Читаем La Cúpula полностью

– Seguro que a algunos adultos también les gustaría irse -añadió Benny. Joe le dio un codazo.

Rusty miró el contador Geiger. La aguja estaba clavada en la marca de +200.

– Quedaos aquí -les ordenó.

– Doc -dijo Joe-, ¿y si la radiación le afecta y pierde el conocimiento? Entonces, ¿qué hacemos?

Rusty meditó la respuesta.

– Si aún estoy cerca, arrastradme hasta aquí. Pero tú no, Norrie. Solo los chicos.

– ¿Por qué yo no? -preguntó ella.

– Porque quizá algún día quieras tener hijos. Y que solo tengan dos ojos y las extremidades en los lugares correspondientes.

– Vale. Yo me quedo aquí -dijo Norrie.

– En cuanto a los demás, la exposición durante un breve período de tiempo no entraña peligros. Pero me refiero a muy poco tiempo. Si recorro la mitad del camino o llego al campo de manzanos, dejadme.

– Eso es duro, Doc.

– No me refiero a que me abandonéis -dijo Rusty-. Tienes más rollos de láminas de plomo en la tienda, ¿verdad?

– Sí. Deberíamos haberlos traído.

– Estoy de acuerdo, pero no es imposible pensar en todo.
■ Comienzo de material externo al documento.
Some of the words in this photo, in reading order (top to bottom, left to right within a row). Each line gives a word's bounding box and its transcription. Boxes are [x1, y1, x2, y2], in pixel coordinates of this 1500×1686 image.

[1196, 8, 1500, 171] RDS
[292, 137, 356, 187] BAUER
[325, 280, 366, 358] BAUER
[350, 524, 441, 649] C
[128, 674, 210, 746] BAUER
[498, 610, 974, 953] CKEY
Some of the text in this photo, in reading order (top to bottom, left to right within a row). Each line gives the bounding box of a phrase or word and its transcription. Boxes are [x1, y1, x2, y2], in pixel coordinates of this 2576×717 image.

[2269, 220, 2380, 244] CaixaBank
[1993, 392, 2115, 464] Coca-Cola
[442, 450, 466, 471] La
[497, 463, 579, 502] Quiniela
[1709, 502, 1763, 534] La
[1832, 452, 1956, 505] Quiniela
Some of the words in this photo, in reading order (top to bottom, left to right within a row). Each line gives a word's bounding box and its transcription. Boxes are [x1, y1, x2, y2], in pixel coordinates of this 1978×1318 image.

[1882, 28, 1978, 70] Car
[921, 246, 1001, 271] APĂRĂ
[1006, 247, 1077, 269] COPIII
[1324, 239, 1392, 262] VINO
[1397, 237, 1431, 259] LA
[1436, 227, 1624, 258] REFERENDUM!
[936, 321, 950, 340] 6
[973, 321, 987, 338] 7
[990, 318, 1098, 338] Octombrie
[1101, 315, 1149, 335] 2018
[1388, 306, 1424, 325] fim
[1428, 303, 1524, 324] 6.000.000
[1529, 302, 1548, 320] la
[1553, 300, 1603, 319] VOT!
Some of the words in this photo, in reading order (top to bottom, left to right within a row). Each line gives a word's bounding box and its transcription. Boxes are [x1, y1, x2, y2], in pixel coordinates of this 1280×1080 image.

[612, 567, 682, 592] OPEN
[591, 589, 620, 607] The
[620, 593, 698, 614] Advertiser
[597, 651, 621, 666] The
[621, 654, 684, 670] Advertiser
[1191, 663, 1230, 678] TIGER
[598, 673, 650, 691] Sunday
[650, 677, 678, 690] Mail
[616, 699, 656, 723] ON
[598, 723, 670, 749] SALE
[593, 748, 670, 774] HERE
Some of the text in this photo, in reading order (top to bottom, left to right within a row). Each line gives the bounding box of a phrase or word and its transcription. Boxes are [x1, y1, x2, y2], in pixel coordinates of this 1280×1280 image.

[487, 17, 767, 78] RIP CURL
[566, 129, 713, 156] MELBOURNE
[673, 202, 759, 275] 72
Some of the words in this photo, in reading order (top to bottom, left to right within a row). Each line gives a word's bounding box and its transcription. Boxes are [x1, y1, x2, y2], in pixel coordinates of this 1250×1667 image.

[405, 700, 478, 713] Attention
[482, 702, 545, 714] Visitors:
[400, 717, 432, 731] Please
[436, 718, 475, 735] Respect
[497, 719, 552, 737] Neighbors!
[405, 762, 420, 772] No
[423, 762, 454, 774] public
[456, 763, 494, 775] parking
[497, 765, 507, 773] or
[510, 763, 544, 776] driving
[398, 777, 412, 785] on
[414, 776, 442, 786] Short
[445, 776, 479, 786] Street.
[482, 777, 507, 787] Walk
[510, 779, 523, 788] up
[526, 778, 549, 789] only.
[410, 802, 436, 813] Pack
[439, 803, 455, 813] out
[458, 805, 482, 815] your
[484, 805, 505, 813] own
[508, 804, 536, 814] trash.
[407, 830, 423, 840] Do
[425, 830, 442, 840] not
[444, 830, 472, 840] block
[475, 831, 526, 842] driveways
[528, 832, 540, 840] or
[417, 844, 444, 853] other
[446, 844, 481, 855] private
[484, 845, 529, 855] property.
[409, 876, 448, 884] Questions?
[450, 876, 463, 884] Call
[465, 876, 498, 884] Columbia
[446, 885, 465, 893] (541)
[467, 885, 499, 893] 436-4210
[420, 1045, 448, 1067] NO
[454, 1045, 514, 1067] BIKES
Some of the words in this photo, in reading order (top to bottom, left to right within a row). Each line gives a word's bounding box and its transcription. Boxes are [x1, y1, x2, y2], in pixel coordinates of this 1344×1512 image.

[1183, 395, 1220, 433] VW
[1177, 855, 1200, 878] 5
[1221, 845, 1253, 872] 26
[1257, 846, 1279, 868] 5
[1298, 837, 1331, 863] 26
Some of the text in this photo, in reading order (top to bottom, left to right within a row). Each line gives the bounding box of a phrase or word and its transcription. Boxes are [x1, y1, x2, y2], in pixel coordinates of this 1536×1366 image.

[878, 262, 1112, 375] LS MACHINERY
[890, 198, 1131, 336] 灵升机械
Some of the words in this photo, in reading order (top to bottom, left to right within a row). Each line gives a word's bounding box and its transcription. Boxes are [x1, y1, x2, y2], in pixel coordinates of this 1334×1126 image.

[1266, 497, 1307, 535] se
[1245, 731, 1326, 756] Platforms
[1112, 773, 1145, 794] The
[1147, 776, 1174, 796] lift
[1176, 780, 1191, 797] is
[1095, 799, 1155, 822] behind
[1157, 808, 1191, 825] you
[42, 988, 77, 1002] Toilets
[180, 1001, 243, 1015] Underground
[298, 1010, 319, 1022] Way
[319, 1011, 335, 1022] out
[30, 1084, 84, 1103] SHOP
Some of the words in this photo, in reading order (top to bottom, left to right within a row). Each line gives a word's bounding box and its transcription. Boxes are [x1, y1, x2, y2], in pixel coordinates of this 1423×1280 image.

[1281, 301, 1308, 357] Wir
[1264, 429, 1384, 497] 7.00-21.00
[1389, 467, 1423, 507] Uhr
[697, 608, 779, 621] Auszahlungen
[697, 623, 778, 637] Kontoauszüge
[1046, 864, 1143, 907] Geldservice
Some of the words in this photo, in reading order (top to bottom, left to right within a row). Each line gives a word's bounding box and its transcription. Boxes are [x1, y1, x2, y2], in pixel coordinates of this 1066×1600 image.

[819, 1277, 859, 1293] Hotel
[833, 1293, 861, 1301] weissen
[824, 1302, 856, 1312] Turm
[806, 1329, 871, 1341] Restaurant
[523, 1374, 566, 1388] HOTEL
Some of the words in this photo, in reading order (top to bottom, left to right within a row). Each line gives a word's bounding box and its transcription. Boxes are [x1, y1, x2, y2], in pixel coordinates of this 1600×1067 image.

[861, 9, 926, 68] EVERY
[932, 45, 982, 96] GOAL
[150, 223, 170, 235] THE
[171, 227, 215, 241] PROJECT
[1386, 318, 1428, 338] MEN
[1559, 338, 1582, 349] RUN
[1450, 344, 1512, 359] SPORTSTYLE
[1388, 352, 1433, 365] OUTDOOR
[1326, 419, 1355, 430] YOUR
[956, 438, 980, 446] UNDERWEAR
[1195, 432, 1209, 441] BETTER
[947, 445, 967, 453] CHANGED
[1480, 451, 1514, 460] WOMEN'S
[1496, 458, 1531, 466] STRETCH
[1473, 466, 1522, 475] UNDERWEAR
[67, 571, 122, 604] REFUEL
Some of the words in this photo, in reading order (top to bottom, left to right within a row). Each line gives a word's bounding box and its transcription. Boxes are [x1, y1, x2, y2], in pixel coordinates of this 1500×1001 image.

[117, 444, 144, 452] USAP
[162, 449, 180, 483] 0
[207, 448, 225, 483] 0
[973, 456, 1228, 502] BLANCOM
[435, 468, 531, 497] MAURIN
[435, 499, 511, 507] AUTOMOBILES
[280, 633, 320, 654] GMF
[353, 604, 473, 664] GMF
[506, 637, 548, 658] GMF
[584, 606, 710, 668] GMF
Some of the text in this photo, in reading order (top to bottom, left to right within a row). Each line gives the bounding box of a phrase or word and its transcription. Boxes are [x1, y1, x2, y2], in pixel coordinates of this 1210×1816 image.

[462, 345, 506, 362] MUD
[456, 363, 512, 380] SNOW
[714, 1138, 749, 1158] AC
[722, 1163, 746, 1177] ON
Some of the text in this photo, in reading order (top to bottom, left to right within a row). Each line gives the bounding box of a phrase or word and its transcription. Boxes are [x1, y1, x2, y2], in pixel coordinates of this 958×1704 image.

Si ocurre lo peor, coge el resto del plomo, pégalo en las ventanas del coche que elijas y ven a por mí. Aunque quizá por entonces ya vuelva a estar de nuevo en pie y de camino hacia el pueblo.

– Sí. O tal vez sigas tirado en el suelo sometido a una exposición letal.

– Mira, Rommie, seguramente nos estamos preocupando de forma innecesaria. Creo que los mareos, o las pérdidas de conocimiento en el caso de los chicos, son como los demás fenómenos relacionados con la Cúpula. Los sientes una vez, y luego ya está.

– Podrías estar jugándote la vida.

– Tarde o temprano tendremos que empezar a apostar.

– Buena suerte -dijo Joe, y le acercó su puño por la ventana.

Rusty se lo chocó con suavidad e hizo lo mismo con Norrie y Benny. Rommie también le ofreció el suyo.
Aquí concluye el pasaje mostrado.